Armando quisiera ser sencillo, accesible, mas a veces lo domina su propia elegancia con excesos que me desagradaba. Lo conocí en el Liceo Caracas. Me lleva tres años pero nos unió el interés por la literatura. Es de una gran generosidad. Al tonto lo escucha con paciencia, al desadaptado lo trata con afecto, a las feas las saca a bailar, escucha el poema escrito por un amigo y le pregunta con asombro: «¿quién lo escribió?», que es una manera de elogiar sin mentir. Siempre ha tenido amigos que lo veneran por su fino estilo y por sus ocurrencias. En las tardes, el gran programa era verlo practicar esgrima en la azotea de su casa, mientras escuchábamos discos de Gardel. Allí inventó Armando su estocada de cambalache.

Sólo nos separa su obsesión por los títulos y la heráldica. Escribir sus cuentos en una mesa que era del Marqués del Toro le parece inspirador. Hasta donde sé de literatura, esas influencias nobiliarias y mobiliarias poco ayudan al verbo.

Con esta breve biografía quiero explicar que yo creía conocer a Armando, hasta esta noche. Todo este resumen que hago de las tragedias de su familia es para justificarlo. Con dos hermanos que se fueron antes de tiempo se entiende que hubiesen tantos espíritus merodeando por su casa.

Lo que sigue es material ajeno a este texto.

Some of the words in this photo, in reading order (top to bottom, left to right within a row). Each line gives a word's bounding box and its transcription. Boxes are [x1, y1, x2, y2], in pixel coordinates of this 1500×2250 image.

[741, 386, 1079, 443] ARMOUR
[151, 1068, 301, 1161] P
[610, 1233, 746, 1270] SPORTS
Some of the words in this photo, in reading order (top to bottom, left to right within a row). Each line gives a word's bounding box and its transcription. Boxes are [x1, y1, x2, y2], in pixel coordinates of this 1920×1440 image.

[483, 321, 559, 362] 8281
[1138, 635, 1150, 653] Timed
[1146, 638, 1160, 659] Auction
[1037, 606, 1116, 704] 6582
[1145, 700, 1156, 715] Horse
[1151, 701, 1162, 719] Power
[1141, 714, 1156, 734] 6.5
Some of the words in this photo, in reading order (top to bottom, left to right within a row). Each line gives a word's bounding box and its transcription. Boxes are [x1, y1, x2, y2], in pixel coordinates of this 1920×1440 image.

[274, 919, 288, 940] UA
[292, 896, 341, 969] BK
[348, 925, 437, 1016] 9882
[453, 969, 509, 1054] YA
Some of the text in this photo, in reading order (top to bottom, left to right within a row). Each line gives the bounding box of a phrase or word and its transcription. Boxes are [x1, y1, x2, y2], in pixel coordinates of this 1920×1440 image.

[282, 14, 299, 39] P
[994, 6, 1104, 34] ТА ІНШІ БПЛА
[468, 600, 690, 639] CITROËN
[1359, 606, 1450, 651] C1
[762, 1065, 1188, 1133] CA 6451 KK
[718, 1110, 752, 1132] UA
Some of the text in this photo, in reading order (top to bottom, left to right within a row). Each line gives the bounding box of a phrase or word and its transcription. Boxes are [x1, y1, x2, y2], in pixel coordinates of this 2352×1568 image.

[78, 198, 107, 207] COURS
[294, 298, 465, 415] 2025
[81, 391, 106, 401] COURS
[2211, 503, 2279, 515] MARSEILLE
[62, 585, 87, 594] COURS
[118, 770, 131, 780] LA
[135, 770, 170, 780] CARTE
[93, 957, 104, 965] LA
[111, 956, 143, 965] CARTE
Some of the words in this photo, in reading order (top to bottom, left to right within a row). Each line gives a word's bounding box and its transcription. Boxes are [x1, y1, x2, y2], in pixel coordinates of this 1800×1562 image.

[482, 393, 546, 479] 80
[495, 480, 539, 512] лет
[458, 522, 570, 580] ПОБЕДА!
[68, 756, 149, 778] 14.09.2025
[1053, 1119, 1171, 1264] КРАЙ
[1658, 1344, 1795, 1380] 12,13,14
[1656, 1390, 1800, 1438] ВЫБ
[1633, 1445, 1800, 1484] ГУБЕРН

En Caracas había un cuento de que una gitana le había dicho en París que se iba a morir antes de cumplir los veinticuatro. Jamás hemos hablado de esa mamarrachada. Yo sostenía —y más de una vez defendí el punto a trompadas— que Armando detestaba todo lo que tenía que ver con esas ridículas supersticiones; ahora asumo que las detesta porque lo persiguen y porque no ha podido quitárselas de encima. El misterio y lo sobrenatural son un tema constante en sus cuentos. Pensaba que para Armando esas supersticiones eran pura literatura; anoche descubrí que se las toma en serio.